> Problem: Would you restate the entries below word for word, leaving out the images?

• • • •

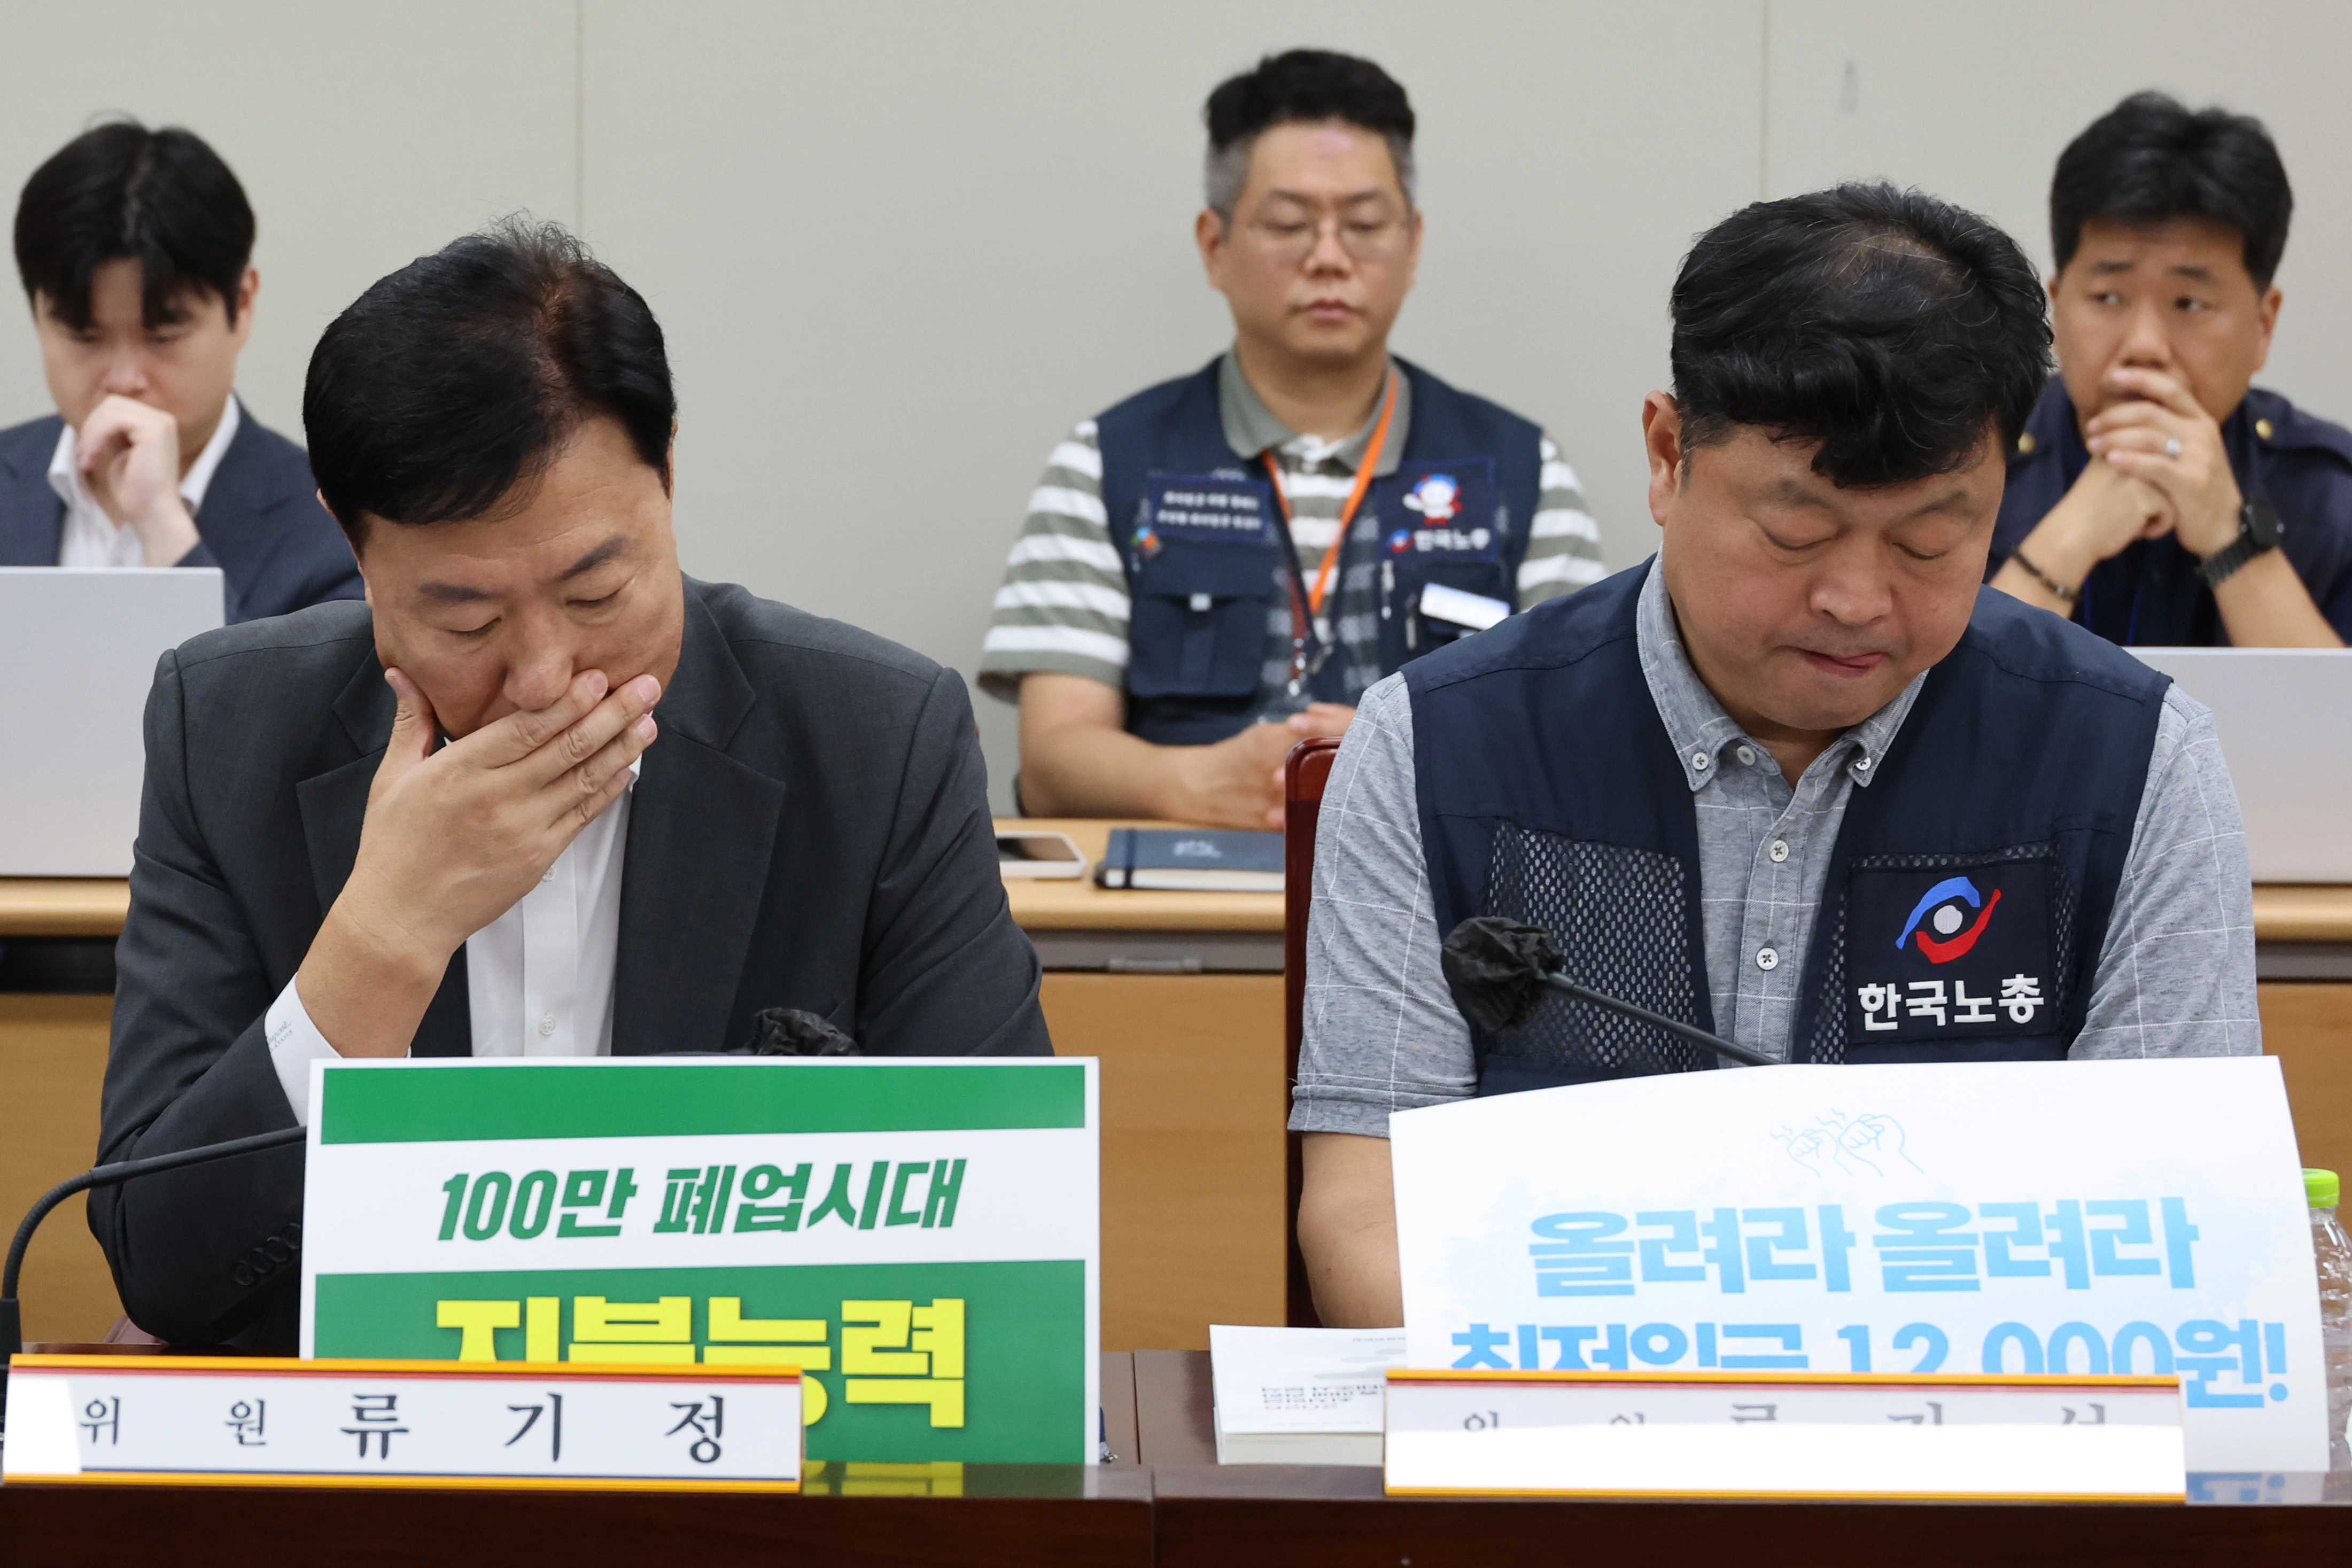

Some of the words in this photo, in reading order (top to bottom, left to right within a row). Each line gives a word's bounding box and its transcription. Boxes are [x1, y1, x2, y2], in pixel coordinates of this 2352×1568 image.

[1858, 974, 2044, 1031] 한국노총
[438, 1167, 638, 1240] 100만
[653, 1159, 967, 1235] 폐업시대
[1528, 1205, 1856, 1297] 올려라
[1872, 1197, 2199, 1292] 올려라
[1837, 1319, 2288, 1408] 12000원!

• • • •

> Response to the exercise:
Some of the words in this photo, in reading order (top to bottom, left to right within a row). Each line gives a word's bounding box and its transcription. Boxes are [x1, y1, x2, y2], in pixel coordinates of this 2352×1568 image.

[1858, 974, 2044, 1031] 한국노총
[438, 1167, 638, 1240] 100만
[653, 1159, 967, 1235] 폐업시대
[1528, 1205, 1856, 1297] 올려라
[1872, 1197, 2199, 1292] 올려라
[1837, 1319, 2288, 1408] 12000원!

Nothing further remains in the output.